EXERCISE OBJECTIVE: Every record must come back unchanged, apart from the pictures, which are dropped.

PROVIDED ENTRIES:
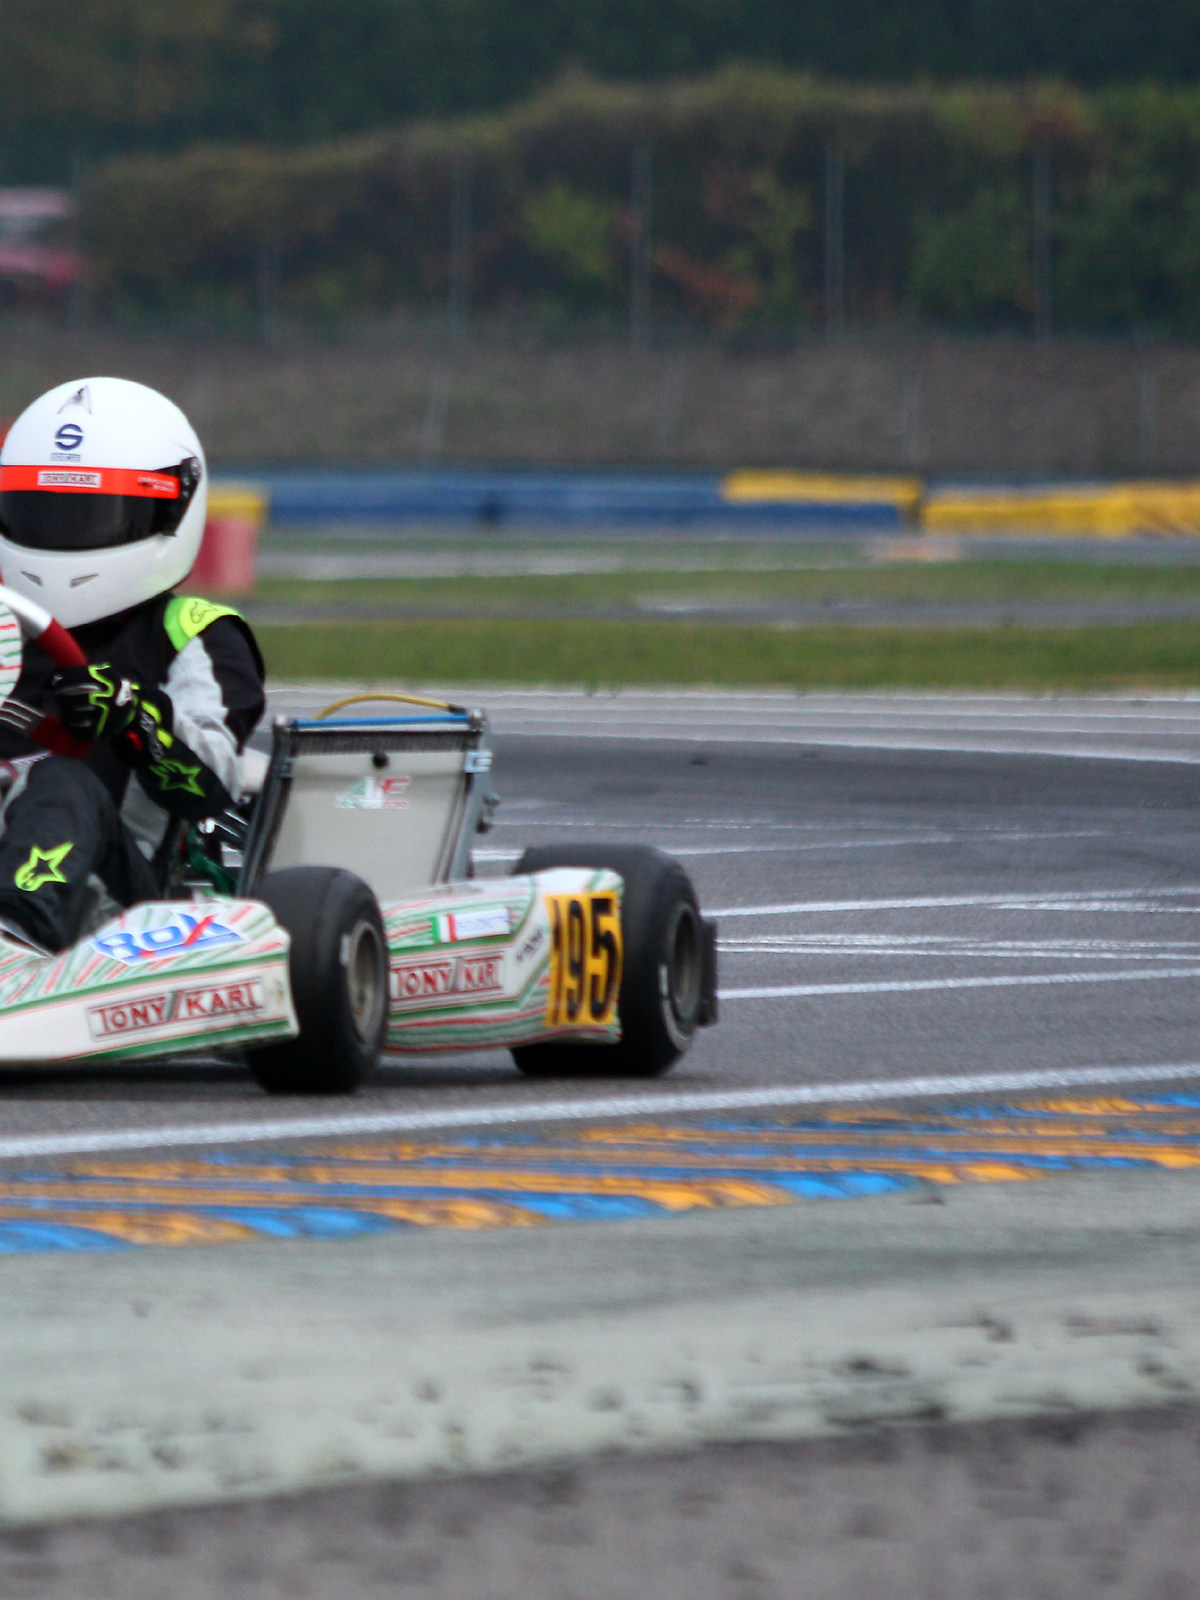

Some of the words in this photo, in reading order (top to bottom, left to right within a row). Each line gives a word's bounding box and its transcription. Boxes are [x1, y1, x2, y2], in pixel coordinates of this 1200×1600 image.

[55, 423, 83, 451] S
[392, 962, 451, 998] TONY
[551, 898, 619, 1024] 195
[91, 997, 165, 1033] TONY
[183, 982, 260, 1016] KART

EXERCISE SOLUTION:
Some of the words in this photo, in reading order (top to bottom, left to right within a row). Each line gives a word's bounding box and its transcription. Boxes are [x1, y1, x2, y2], in pixel coordinates of this 1200×1600 image.

[55, 423, 83, 451] S
[392, 962, 451, 998] TONY
[551, 898, 619, 1024] 195
[91, 997, 165, 1033] TONY
[183, 982, 260, 1016] KART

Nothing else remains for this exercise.